── SUPPLIED MATERIAL

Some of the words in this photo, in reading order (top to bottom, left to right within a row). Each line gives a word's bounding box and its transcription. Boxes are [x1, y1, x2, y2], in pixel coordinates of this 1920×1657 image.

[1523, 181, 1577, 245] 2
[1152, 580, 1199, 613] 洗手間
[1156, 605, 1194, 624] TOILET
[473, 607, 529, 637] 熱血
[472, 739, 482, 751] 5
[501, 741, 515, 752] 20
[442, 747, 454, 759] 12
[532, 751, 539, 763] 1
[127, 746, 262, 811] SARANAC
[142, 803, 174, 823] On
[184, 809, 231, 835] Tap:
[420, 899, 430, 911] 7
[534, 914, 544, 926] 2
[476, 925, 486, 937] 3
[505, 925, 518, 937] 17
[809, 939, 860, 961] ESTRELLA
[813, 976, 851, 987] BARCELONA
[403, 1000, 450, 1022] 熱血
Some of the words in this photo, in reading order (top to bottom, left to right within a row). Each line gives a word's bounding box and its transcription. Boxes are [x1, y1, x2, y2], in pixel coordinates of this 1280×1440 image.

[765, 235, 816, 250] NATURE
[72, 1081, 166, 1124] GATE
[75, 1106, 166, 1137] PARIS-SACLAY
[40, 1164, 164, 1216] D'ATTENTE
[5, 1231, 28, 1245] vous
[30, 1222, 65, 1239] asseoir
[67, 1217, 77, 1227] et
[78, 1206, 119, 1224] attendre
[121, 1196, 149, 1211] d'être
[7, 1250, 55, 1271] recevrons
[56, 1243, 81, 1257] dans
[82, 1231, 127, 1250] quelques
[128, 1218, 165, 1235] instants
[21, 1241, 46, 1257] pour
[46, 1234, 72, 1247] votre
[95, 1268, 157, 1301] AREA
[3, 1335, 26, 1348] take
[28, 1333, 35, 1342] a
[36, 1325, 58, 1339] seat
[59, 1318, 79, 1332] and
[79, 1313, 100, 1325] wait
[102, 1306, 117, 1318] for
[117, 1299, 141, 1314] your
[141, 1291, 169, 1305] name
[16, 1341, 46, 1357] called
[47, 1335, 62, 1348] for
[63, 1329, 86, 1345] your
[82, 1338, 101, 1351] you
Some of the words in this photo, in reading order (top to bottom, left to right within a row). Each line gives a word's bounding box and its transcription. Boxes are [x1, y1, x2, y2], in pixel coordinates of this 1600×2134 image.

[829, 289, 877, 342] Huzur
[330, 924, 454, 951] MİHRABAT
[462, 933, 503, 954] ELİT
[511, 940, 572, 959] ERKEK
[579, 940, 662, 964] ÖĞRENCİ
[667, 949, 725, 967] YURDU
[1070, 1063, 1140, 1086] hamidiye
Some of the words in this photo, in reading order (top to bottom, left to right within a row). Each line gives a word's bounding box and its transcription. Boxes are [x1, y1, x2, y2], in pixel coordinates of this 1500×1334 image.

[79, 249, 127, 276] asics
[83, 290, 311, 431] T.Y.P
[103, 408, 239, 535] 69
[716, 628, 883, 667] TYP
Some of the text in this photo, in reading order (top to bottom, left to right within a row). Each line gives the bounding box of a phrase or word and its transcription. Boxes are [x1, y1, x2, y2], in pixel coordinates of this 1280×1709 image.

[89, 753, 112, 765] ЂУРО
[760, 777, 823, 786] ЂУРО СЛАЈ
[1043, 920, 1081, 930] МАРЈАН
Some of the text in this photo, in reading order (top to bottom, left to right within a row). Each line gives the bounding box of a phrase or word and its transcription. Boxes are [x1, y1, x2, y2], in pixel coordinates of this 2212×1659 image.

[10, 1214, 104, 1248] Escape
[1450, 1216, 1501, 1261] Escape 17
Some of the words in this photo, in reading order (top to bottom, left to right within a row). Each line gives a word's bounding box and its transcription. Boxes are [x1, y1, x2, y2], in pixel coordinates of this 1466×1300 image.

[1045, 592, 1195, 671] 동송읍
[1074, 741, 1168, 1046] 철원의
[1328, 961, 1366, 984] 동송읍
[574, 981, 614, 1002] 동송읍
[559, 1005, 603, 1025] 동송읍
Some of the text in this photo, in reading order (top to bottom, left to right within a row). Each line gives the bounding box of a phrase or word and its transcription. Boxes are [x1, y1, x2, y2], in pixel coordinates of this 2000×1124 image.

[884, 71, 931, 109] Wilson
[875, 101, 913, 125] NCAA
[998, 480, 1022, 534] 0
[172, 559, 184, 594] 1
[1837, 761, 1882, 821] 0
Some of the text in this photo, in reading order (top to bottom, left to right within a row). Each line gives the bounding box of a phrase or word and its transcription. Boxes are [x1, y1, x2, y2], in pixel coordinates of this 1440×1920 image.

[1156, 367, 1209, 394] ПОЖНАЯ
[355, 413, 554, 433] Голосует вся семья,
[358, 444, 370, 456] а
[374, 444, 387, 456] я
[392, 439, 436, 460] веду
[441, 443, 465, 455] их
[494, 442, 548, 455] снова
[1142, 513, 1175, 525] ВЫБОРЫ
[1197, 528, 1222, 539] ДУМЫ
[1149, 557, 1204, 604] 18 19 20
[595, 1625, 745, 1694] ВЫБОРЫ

────

§ PROBLEM TO WORK ON
Please copy out each entry exactly as it appears above.

§ EXERCISE RESULT
Some of the words in this photo, in reading order (top to bottom, left to right within a row). Each line gives a word's bounding box and its transcription. Boxes are [x1, y1, x2, y2], in pixel coordinates of this 1920×1657 image.

[1523, 181, 1577, 245] 2
[1152, 580, 1199, 613] 洗手間
[1156, 605, 1194, 624] TOILET
[473, 607, 529, 637] 熱血
[472, 739, 482, 751] 5
[501, 741, 515, 752] 20
[442, 747, 454, 759] 12
[532, 751, 539, 763] 1
[127, 746, 262, 811] SARANAC
[142, 803, 174, 823] On
[184, 809, 231, 835] Tap:
[420, 899, 430, 911] 7
[534, 914, 544, 926] 2
[476, 925, 486, 937] 3
[505, 925, 518, 937] 17
[809, 939, 860, 961] ESTRELLA
[813, 976, 851, 987] BARCELONA
[403, 1000, 450, 1022] 熱血
Some of the words in this photo, in reading order (top to bottom, left to right within a row). Each line gives a word's bounding box and its transcription. Boxes are [x1, y1, x2, y2], in pixel coordinates of this 1280×1440 image.

[765, 235, 816, 250] NATURE
[72, 1081, 166, 1124] GATE
[75, 1106, 166, 1137] PARIS-SACLAY
[40, 1164, 164, 1216] D'ATTENTE
[5, 1231, 28, 1245] vous
[30, 1222, 65, 1239] asseoir
[67, 1217, 77, 1227] et
[78, 1206, 119, 1224] attendre
[121, 1196, 149, 1211] d'être
[7, 1250, 55, 1271] recevrons
[56, 1243, 81, 1257] dans
[82, 1231, 127, 1250] quelques
[128, 1218, 165, 1235] instants
[21, 1241, 46, 1257] pour
[46, 1234, 72, 1247] votre
[95, 1268, 157, 1301] AREA
[3, 1335, 26, 1348] take
[28, 1333, 35, 1342] a
[36, 1325, 58, 1339] seat
[59, 1318, 79, 1332] and
[79, 1313, 100, 1325] wait
[102, 1306, 117, 1318] for
[117, 1299, 141, 1314] your
[141, 1291, 169, 1305] name
[16, 1341, 46, 1357] called
[47, 1335, 62, 1348] for
[63, 1329, 86, 1345] your
[82, 1338, 101, 1351] you
Some of the words in this photo, in reading order (top to bottom, left to right within a row). Each line gives a word's bounding box and its transcription. Boxes are [x1, y1, x2, y2], in pixel coordinates of this 1600×2134 image.

[829, 289, 877, 342] Huzur
[330, 924, 454, 951] MİHRABAT
[462, 933, 503, 954] ELİT
[511, 940, 572, 959] ERKEK
[579, 940, 662, 964] ÖĞRENCİ
[667, 949, 725, 967] YURDU
[1070, 1063, 1140, 1086] hamidiye
Some of the words in this photo, in reading order (top to bottom, left to right within a row). Each line gives a word's bounding box and its transcription. Boxes are [x1, y1, x2, y2], in pixel coordinates of this 1500×1334 image.

[79, 249, 127, 276] asics
[83, 290, 311, 431] T.Y.P
[103, 408, 239, 535] 69
[716, 628, 883, 667] TYP
Some of the text in this photo, in reading order (top to bottom, left to right within a row). Each line gives the bounding box of a phrase or word and its transcription. Boxes are [x1, y1, x2, y2], in pixel coordinates of this 1280×1709 image.

[89, 753, 112, 765] ЂУРО
[760, 777, 823, 786] ЂУРО СЛАЈ
[1043, 920, 1081, 930] МАРЈАН
Some of the text in this photo, in reading order (top to bottom, left to right within a row). Each line gives the bounding box of a phrase or word and its transcription. Boxes are [x1, y1, x2, y2], in pixel coordinates of this 2212×1659 image.

[10, 1214, 104, 1248] Escape
[1450, 1216, 1501, 1261] Escape 17
Some of the words in this photo, in reading order (top to bottom, left to right within a row). Each line gives a word's bounding box and its transcription. Boxes are [x1, y1, x2, y2], in pixel coordinates of this 1466×1300 image.

[1045, 592, 1195, 671] 동송읍
[1074, 741, 1168, 1046] 철원의
[1328, 961, 1366, 984] 동송읍
[574, 981, 614, 1002] 동송읍
[559, 1005, 603, 1025] 동송읍
Some of the text in this photo, in reading order (top to bottom, left to right within a row). Each line gives the bounding box of a phrase or word and its transcription. Boxes are [x1, y1, x2, y2], in pixel coordinates of this 2000×1124 image.

[884, 71, 931, 109] Wilson
[875, 101, 913, 125] NCAA
[998, 480, 1022, 534] 0
[172, 559, 184, 594] 1
[1837, 761, 1882, 821] 0
Some of the text in this photo, in reading order (top to bottom, left to right within a row). Each line gives the bounding box of a phrase or word and its transcription. Boxes are [x1, y1, x2, y2], in pixel coordinates of this 1440×1920 image.

[1156, 367, 1209, 394] ПОЖНАЯ
[355, 413, 554, 433] Голосует вся семья,
[358, 444, 370, 456] а
[374, 444, 387, 456] я
[392, 439, 436, 460] веду
[441, 443, 465, 455] их
[494, 442, 548, 455] снова
[1142, 513, 1175, 525] ВЫБОРЫ
[1197, 528, 1222, 539] ДУМЫ
[1149, 557, 1204, 604] 18 19 20
[595, 1625, 745, 1694] ВЫБОРЫ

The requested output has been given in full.